Prompt
Copy out the entire listing below exactly, but without its pictures.

Data for the task

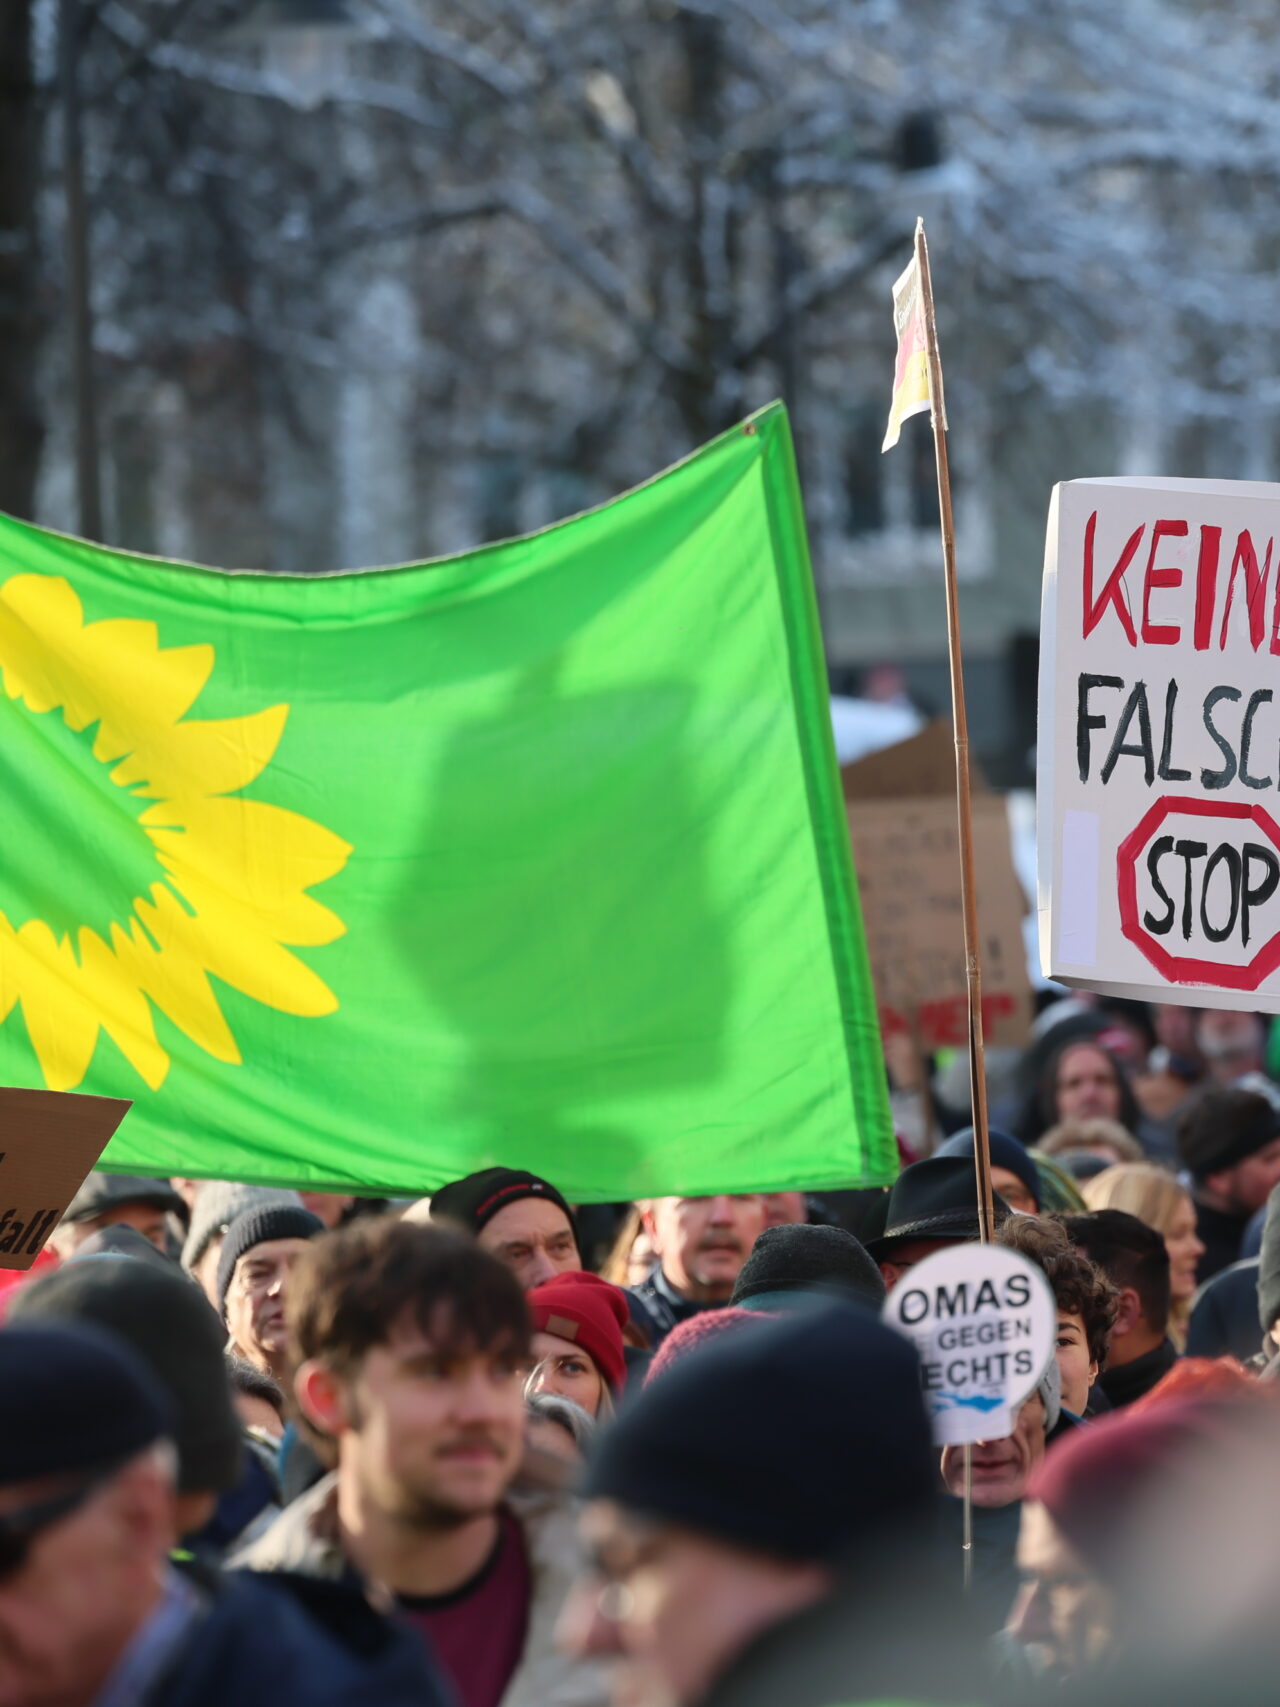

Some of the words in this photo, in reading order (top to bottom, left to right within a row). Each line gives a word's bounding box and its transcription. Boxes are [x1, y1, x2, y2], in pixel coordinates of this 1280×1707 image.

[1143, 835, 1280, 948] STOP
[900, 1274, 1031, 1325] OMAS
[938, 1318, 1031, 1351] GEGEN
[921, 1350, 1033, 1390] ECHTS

Problem solution
Some of the words in this photo, in reading order (top to bottom, left to right within a row). Each line gives a word's bounding box and its transcription. Boxes are [x1, y1, x2, y2], in pixel coordinates of this 1280×1707 image.

[1143, 835, 1280, 948] STOP
[900, 1274, 1031, 1325] OMAS
[938, 1318, 1031, 1351] GEGEN
[921, 1350, 1033, 1390] ECHTS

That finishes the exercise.